The ensuing study aims to establish an academic framework within which to understand and analyse the functioning of the independent restaurant sector within the NCR. The key stress of the study is to identify perceptual GAPs between what operators perceive their customers to desire as part of the given service and product and what customers actually look for. The section on methodology outlines the process utilised in the compilation and analysis of the study. The study covers a sample base of 60 restaurants in Delhi and surrounding areas and, covers major geographical and economic segments that comprise the capital's independent dining market. The study has not taken in account restaurants within hotels due to the difference in nature of their management and decision making processes. The data analysis as detailed in the paper has turned up some predictable as well as surprising results. Out of a total of 32 service and product variables analysed, significant GAPs were observed in 10 variables, suggesting that the average operator have a good idea what his/ her customer wants. This highlights the importance of the human element and experience in running an establishment. There are however some important factors where operators do seem to be out of tune with their client base. The average operators tend to underestimate competition, does not engage the customer enough, does not understand the importance of setting and enforcing written standards and does not stress enough on courtesy. There are other variables that operators need to be better aware of. The paper also suggests key recommendations for operators to follow to enhance competitiveness and maintain a loyal customer base.

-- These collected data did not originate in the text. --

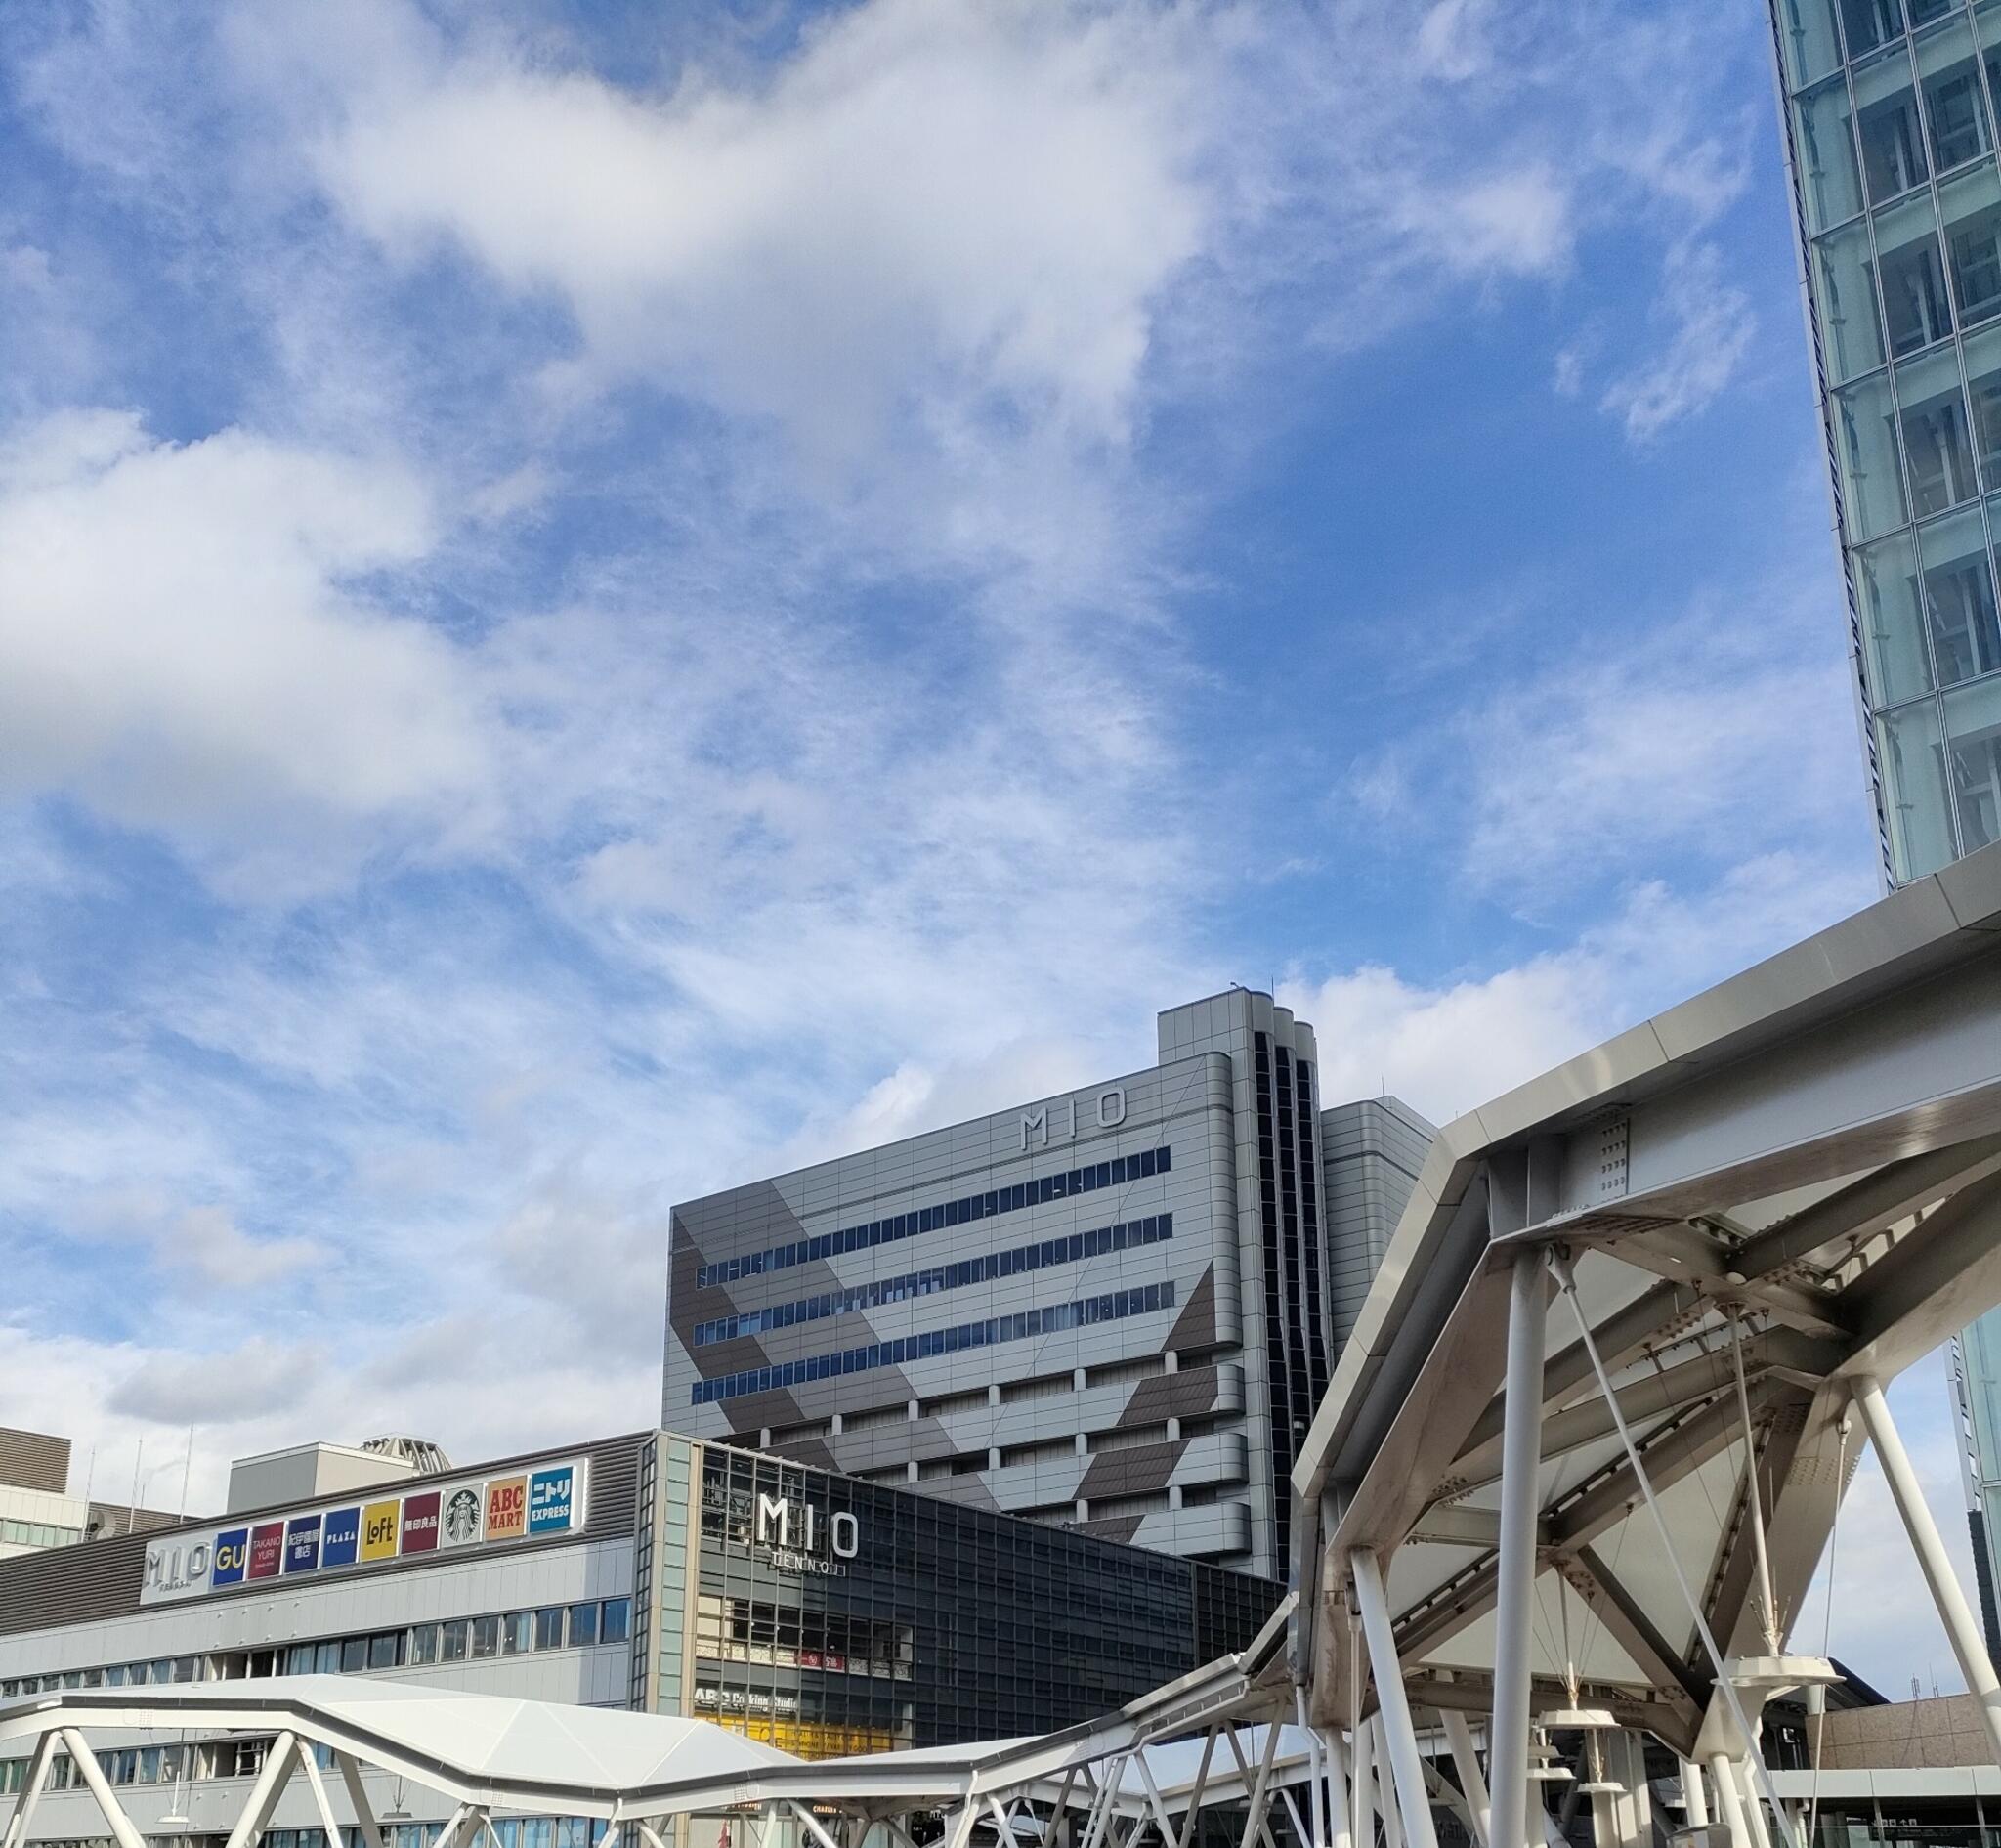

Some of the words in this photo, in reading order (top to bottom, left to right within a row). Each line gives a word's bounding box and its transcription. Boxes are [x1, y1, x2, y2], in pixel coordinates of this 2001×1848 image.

[1021, 1087, 1127, 1151] MIO
[489, 1486, 523, 1514] ABC
[532, 1479, 571, 1506] ニトリ
[404, 1516, 438, 1532] 無印良品
[488, 1511, 523, 1531] MART
[531, 1505, 570, 1521] EXPRESS
[758, 1493, 859, 1559] MIO
[252, 1536, 281, 1550] TAKANO
[326, 1530, 356, 1545] PLAZA
[145, 1541, 211, 1585] MIO
[216, 1544, 245, 1571] GU
[258, 1549, 275, 1561] YURI
[295, 1544, 311, 1560] 書店
[694, 1688, 731, 1705] ABC
[732, 1692, 769, 1712] Coking

Strong economic growth, increased disposable income and the impact of various factors have fuelled a strong demand for dining places in India's capital city. The restaurant business being a comparatively low entry barrier industry is also being perceived as an attractive option for those bitten by the entrepreneurial bug. A few decades ago, Delhi had little to offer by way of world cuisines and there was not much else in the offing beyond United coffee house, Moti Mahal and Wengers and others such, mostly in the vicinity of Connought place. The past 15 - 20 years has witnessed the growth of a heavily fragmented, increasingly diverse, competitive and almost chaotic restaurant business in Delhi. The choice for consumers is now immense and most major cuisine groups of the world are represented to some degree in the National Capital.

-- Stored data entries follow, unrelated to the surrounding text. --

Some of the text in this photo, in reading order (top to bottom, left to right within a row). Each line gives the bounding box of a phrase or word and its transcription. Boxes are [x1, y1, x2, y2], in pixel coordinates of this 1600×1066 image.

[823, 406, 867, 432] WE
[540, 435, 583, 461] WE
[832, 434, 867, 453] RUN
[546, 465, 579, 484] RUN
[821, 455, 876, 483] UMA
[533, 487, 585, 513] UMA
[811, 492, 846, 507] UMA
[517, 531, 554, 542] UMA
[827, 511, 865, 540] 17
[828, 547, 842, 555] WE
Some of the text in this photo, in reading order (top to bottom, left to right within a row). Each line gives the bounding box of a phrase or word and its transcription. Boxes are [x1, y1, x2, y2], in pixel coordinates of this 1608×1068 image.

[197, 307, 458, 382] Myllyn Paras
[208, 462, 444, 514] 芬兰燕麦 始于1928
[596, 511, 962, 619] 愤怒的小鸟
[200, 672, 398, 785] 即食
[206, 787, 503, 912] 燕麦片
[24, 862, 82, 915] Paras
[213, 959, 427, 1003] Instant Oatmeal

Unfortunately little has been done in terms of research towards understanding and analyzing Delhi's restaurant business. Gathering quantitative data is an uphill task for a researcher, as operators seem reluctant to divulge any information that may be too "penetrating". This has created a huge gap in information that professional bodies like HVS international and the FHRAI are trying to fill but the over all lack of reliable information on basic Industry statistics is disappointing and disconcerting. Therefore the study has been conducted as an empirical work in the Delhi-Gurgaon region with some of the following objectives:
* To study the opinions of operators in the independent restaurant sectors on a given set of impact variables dealing with various aspects of their service and product.
* To evaluate the factors that have a crucial impact on the success / failure of the restaurant.
* To understand the attitudes of a sample customer base and assess factors which have an impact on their dining experience at restaurants.
* To identify any perceptual GAPS between managers/proprietors and customers perceptions.
* To identify and analyze, the preferred choice of cuisines for a sample customer base.
REVIEW OF LITERATURE
According to Jones and Merricks (1996), the nature of the restaurant industry is such that a primary component lies in staff - customer interaction. …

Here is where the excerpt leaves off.